Anyway, the reason the Big Book authors placed the promises after Steps 8 & 9 is that to seek out the sheer awkwardness, humble pie, and admission of wrong-doing entailed in these two steps is something no ego-driven person would do — especially not hardcore bridge-burners like active and dry alcoholics. “Did I wrong that person? Fuck that, they wronged me!” This was the pre-steps attitude that produced more and more people to avoid and more thoughts to shove to the back in our minds, with drinking needed to mute them.

By contrast, after a psychic change, we’re trying to live by what’s right and good or, in other words, to show up as  god and our own spirits would have us be. I remember several instances of sitting in my car cramming from my 8th step notes before I stepped off what felt like the roof of a skyscraper to meet people I’d wronged.  I did so because I trusted god. And in each case, I walked on air: I calmly spoke the truth, and recipients warmly forgave me.

Many years have passed since I completed my amends, but I continue to live in the frame of mind that supported them. As a result, I get to live IN the 9th step promises!  Freedom and happiness, for starters, characterize my sober life. Sick voices still sound off in my head, but they project poorly, and I’ve learned to roll my eyes at them.  I focus instead on what I want to do with my life — with this one-time amazing journey of living in the world.

For example, I love climbing mountains. In July, friends and I made a bid for the summit of 14,411′ Mount Rainier – the most prominent peak in the contiguous US and 5th highest. We started too late (midnight) and had to wait repeatedly for the teams ahead of us to pass through areas where they’d trigger rockfall on us, then wait again when a ladder laid over a crevasse partially collapsed, so a number of my teammates got hypothermic and we had to turn back.  Even so, it was a huge, gorgeous, thrilling experience — the kind of adventure I used to fantasize about while drinking.

How far we got

Camped at 10,000′

Crossing a crevasse

Despite having lost some of my left lung to radiation for breast cancer, I power-breathed to 13, 200′; and despite acrophobia and balance issues, I walked over boards laid on a ladder across a deep crevasse — not to mention daring this stuff at 59. We will try again next year, having learned from our mistakes.

And yet… and yet… during the exhaustion that overtook me on the long descent to base camp, a voice started up in my head: “No one likes you.  You’re an annoyance to everyone.  Everything you say is trite and boring so everyone wishes you’d just shut the hell up.”  Freedom was the insight that my alcoholism, which survives in my mind, was taking advantage of my fatigue to get some good punches in.  Freedom was replying to that voice, “You’ve been saying that since middle school. Fuck off.” Then I deliberately bellowed some dumb jokes most people couldn’t even hear (because we were still on ropes and too far apart), just to piss off the voice.

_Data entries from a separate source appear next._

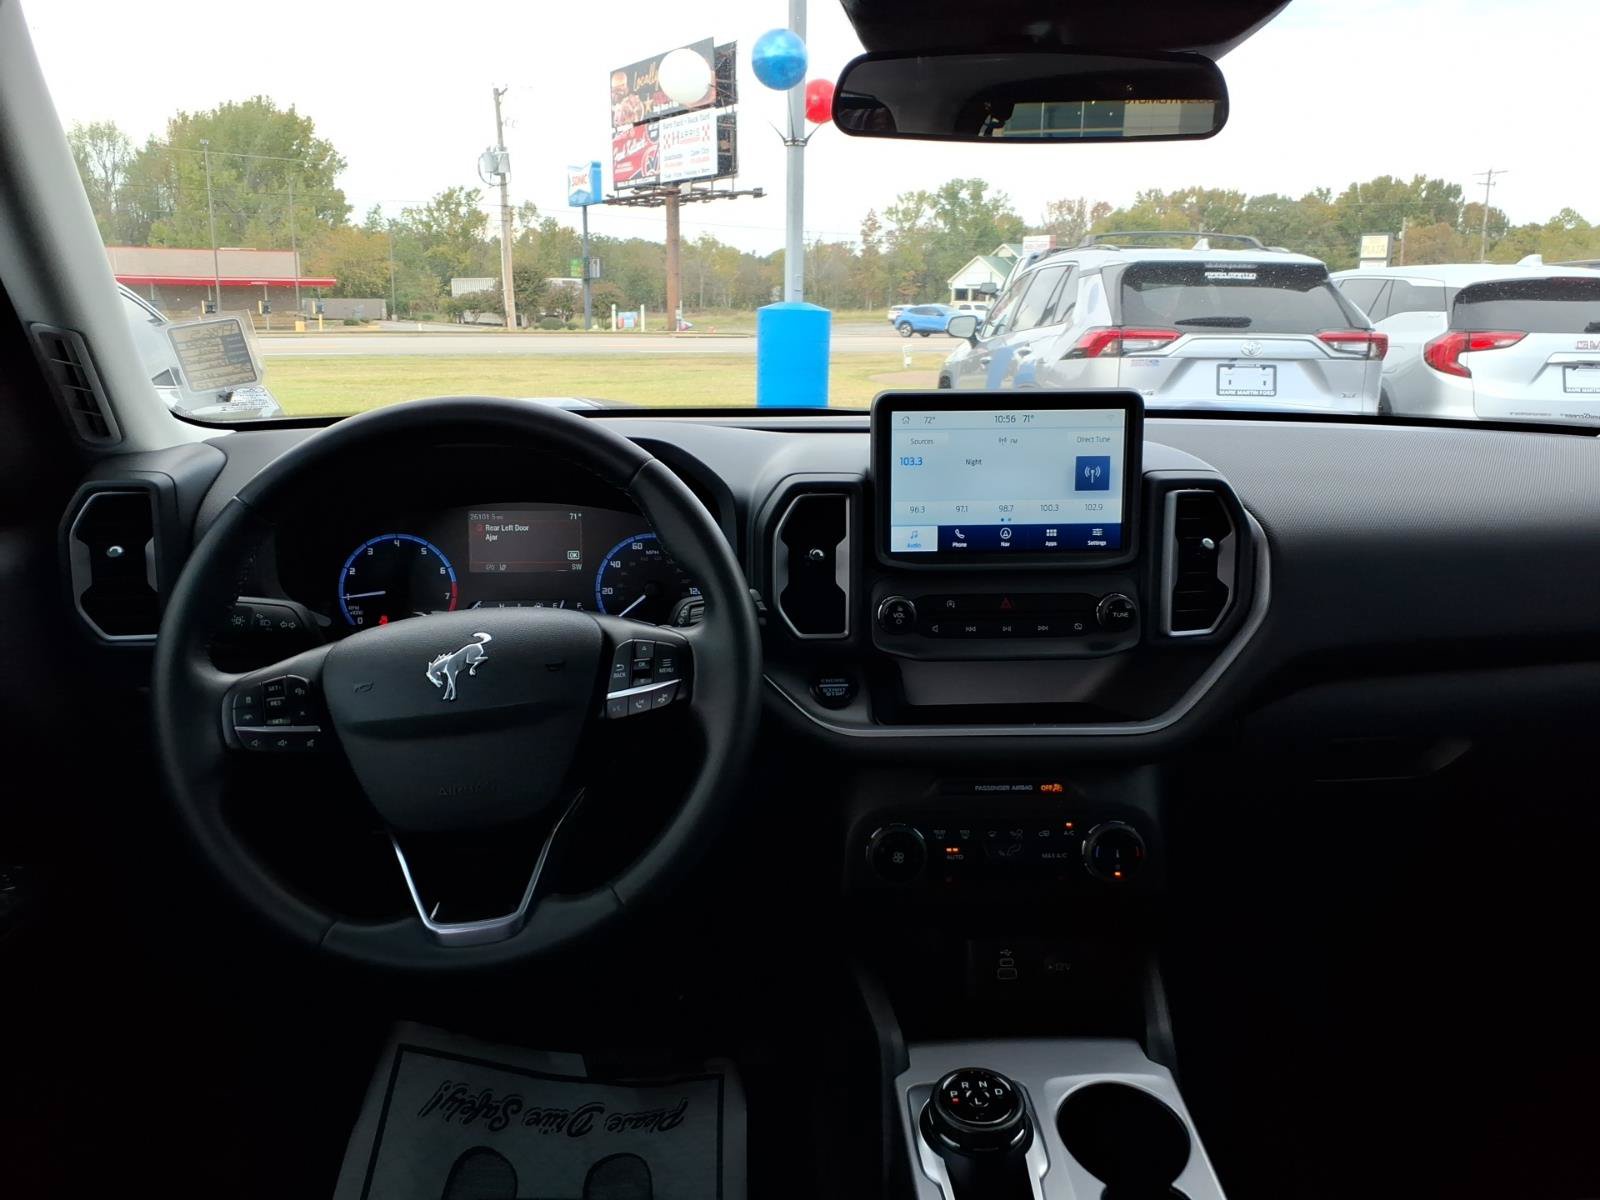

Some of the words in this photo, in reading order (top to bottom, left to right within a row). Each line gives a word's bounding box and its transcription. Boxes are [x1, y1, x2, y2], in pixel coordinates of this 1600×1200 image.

[995, 415, 1016, 424] 10:56
[1023, 414, 1035, 423] 71°
[910, 438, 934, 446] Sources
[1077, 436, 1094, 444] Direct
[899, 456, 923, 466] 103.3
[966, 458, 983, 467] Night
[910, 505, 925, 514] 96.3
[998, 504, 1014, 513] 98.7
[1040, 503, 1059, 512] 100.3
[1085, 503, 1103, 511] 102.9
[485, 533, 498, 542] Ajar
[632, 543, 643, 551] 60
[1045, 540, 1057, 548] Apps
[1087, 539, 1107, 547] Settings
[975, 784, 1011, 792] PASSENGER
[1011, 784, 1033, 792] AIRBAG
[946, 853, 964, 861] AUTO
[961, 1081, 970, 1089] R
[978, 1080, 988, 1088] N
[949, 1090, 959, 1098] P
[994, 1088, 1004, 1096] D
[974, 1097, 983, 1105] L
[523, 1101, 605, 1138] Drive
[605, 1097, 688, 1134] Please

Last week, I hiked 82 miles with my friend Sally, retracing only the best parts of the 127-mile hike I soloed last year.  This experience outshone any fantasy joy, because love for god’s beauty in the mountains absolutely saturated my consciousness for days.

Sally with Glacier Peak

Sally with Lyman Glacier

Me and TJ moochies, 6,440′

 

And yet… and yet… addiction was with me.  I’d needed a tooth extraction the day before we were to leave for this trip and, at the oral surgeon’s insistence, delayed a day for healing, then brought along antibiotics in case of infection and 12 Vicodin in case the socket clot came out or some other intense pain developed. As it turned out, the socket felt fine, healing gradually.  But my knee did not.  One night I couldn’t sleep for the knee pain, and sharing my tent was the Vicodin.  “Take it!” said my addict.  “You have pain — a perfect justification — so cross Go and collect $200!”  I responded, “That Vicodin is for unendurable nerve pain, not some nagging knee pain that keeps me awake.” “Whatever!” said my addict. “It’s for pain!  It’s right there – no more pain!  Much-needed sleep!  Just take it!”

Midnight, 1:00 a.m., 2:00 a.m. passed by.  I don’t remember praying, but what came to me were the words of my dear friend Rob: “Yah know, if I’d of known what I would become after a few Vicodin, I’d a shoved them up my doctor’s ass!!” Rob, originally a purebred alcoholic, got hooked on opiates as a result of a prescription and died from overdose in 2016.  He seemed to remind me that my own sobriety, despite its 24.5 year length, was equally fragile. With the help of Rob’s memory and several more ibuprofen, I eventually fell asleep. The next night, I asked Sally to keep the pills in her tent.

Really, the principles that free me to live the life I love are the same ones that carried me through my amends: love, humility, and faith.  That’s why realizing the promises is contingent on a “painstaking” completion of those steps.

 

.
I made this video of our hike. If this ain’t living happy, joyous, and free, I don’t know what is!

1 Comment

Filed under happy, joyous, & free, living sober, Pain Medication, Recovery, Spirituality, Step 9

We Are NEVER Too Well for AA Meetings

I recently had a chance to tell none other than Bill Gates, who went to my high school and was at my 40th reunion, that I had 23 years sober. “Impressive!” he remarked.  He’d just told me that a mutual friend of ours, a venture capitalist and hilarious jokester on the school bus back in the day, had died — overdosed on fentanyl-laced heroin after many years clean.

Yet when I told him I still go to weekly AA meetings, Gates looked baffled: “Really?!” he said, drawing back sharply.  Even as I explained that exactly what had happened to our friend Keith could happen to me at any time with booze, he still looked incredulous.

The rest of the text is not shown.